Nexion Health Inc., a nursing home management corporation, is the first national company to renovate one of the century-old brick buildings and relocate their headquarters there.
"There's a real reward to being the first guy on the block," said Francis B. Kirley, Nexion's president and chief executive officer. "We're like the model house in a new development."
Sykesville officials hope Nexion's arrival will lure more than a dozen other companies to Warfield. To expedite the process, the town is negotiating with a master developer, who might lease the entire property, renovate its remaining 10 buildings and then sublease them to tenants, Town Manager Matthew H. Candland said.
The Carroll County Dance Center technically became Warfield's first new tenant in August, when its studios relocated there.
After 18 months of construction, Nexion's $3 million 16,000-square-foot building opened the first week of this month.
If a couple of new tenants continue to move in each year, the Warfield Complex, formerly a part of Springfield Hospital Center, should expand according to plan along Route 32, Candland said. The 96-acre campus could comfortably accommodate about six new buildings on top of its remaining vacant ones in need of refurbishing, he said. For prospective tenants, Warfield offers affordable leases, proximity to Interstate 70 and a setting that resembles a college campus. For Sykesville and Carroll County, the park is a centrally located, potential engine of economic development in the predominantly residential area. Developing the complex will create more jobs, increase the county's low industrial tax base yet preserve the town's historic charm, local officials said.
"It's going to be one of our premier corporate centers," said Denise Beaver, the county's deputy director of economic development. "It's in a natural growth area for companies.

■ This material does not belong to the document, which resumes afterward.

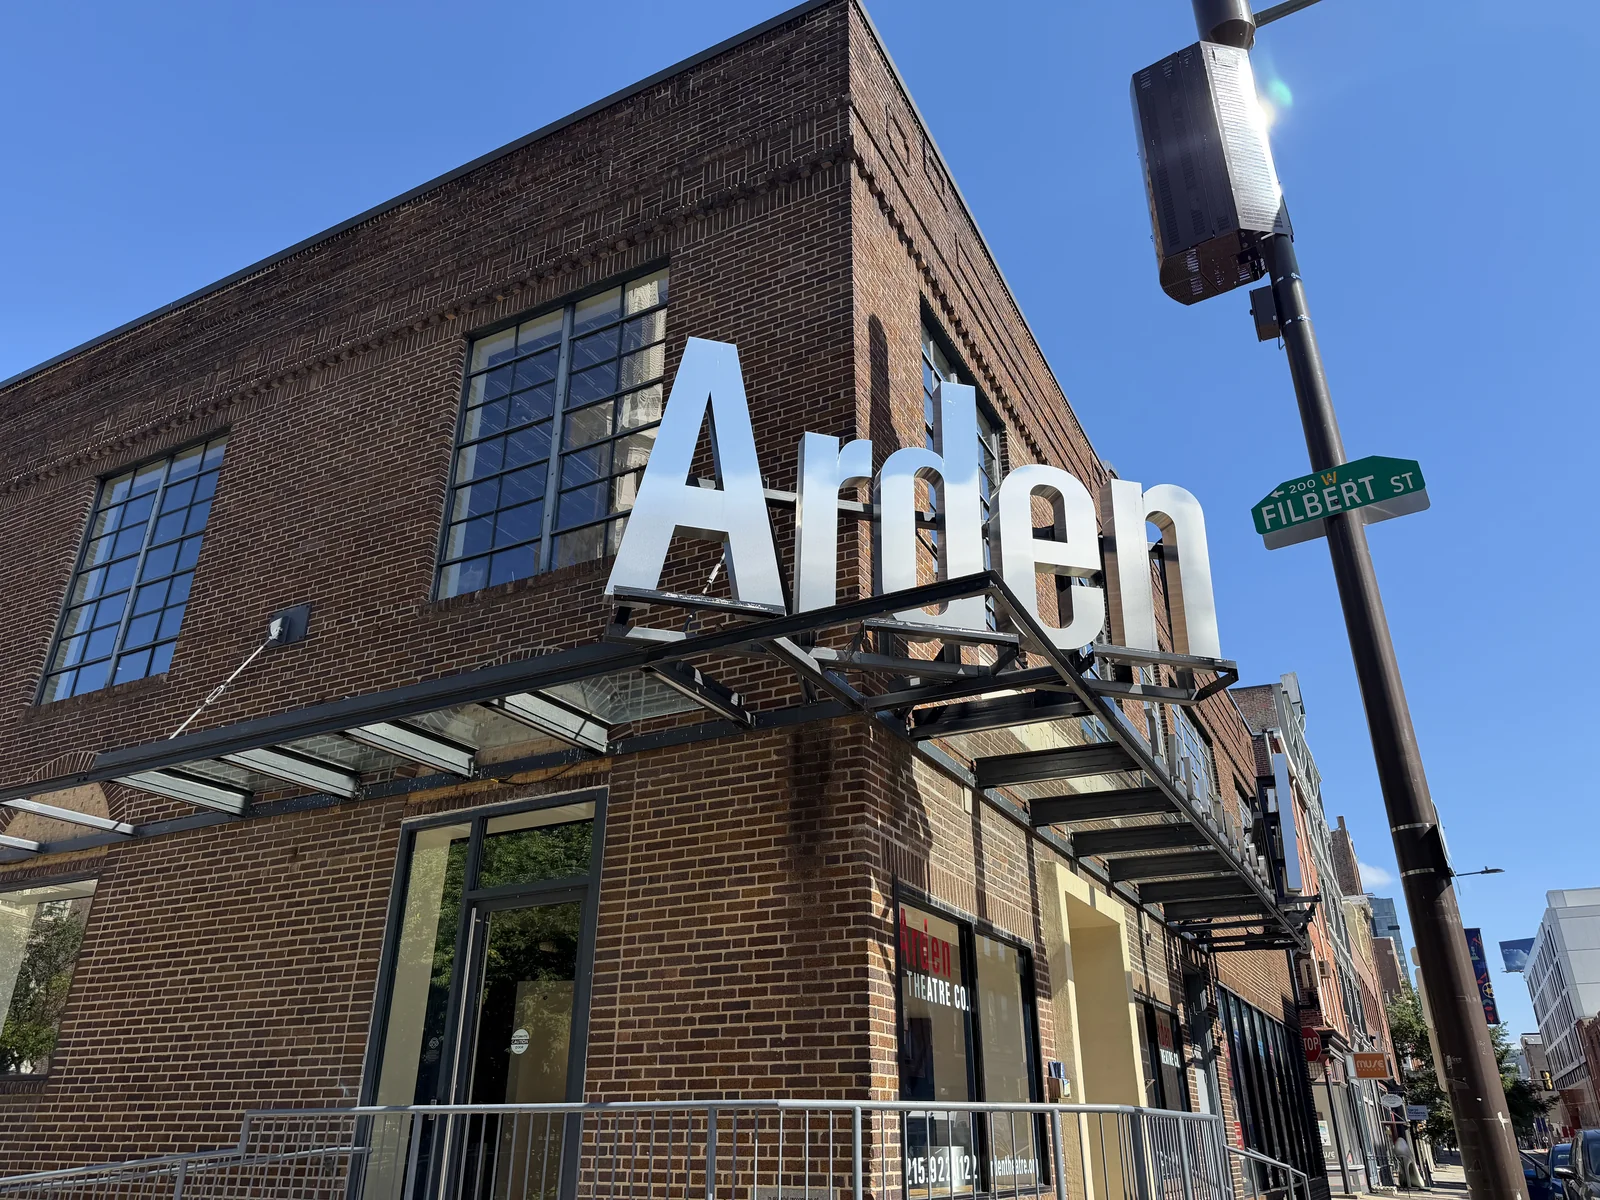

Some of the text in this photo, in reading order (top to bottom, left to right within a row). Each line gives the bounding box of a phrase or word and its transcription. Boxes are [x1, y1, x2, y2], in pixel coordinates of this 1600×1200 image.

The whole area is booming."
Since Warfield is on the National Register of Historic Places, renovating a building there makes economic sense for small, but growing companies like Nexion. Kirley said he and other Nexion executives formed KB Warfield LLC to develop the building, and through that process, tapped into $1.2 million in federal and state tax credits.
"There's this myth out there that restoring one of the old buildings is not economically feasible," Candland said. "But using the tax credits, you can end up with a better product at a better price."
After tax credits, Nexion spent a little more than $100 per square foot to renovate the space, while constructing a building could cost up to $150 per square foot, Candland added.
The Sykesville location is also convenient for many Nexion employees. About half of the nearly 50 workers at the new headquarters live in Carroll County, with the rest mostly in surrounding areas, such as Reisterstown and Owings Mills.
In the metropolitan area, Carroll has the second-highest percentage of residents who commute to work outside the county. About 55 percent of residents travel across county lines to their jobs - second only to Howard County, according to 2000 Census Bureau data.
Kevan Delaney, a paralegal at Nexion for two years, spent 13 years commuting to Rockville from her Mount Airy home.
"I went from having an hour and 15-minute commute to a 15- minute commute," Delaney said.
Receptionist Kristina Tuttle lives in Hampstead but used to travel to work on the congested Baltimore Beltway. Now, at Nexion, she doesn't have to.
To lure South Carroll residents weary of their daily commutes, Kirley has joked about putting up a sign on Route 32. It would urge them to instead work for Nexion, right there in Sykesville.
As more businesses move into Warfield, the Carroll County Dance Center's staff hopes to see its business grow. The studio offers afternoon yoga classes to employees from Northrop Grumman's offices in Sykesville.
"I'm hoping in five years this place has just exploded," Kirley said of Warfield and the adjacent state police training center. "The momentum is building. It's spectacular."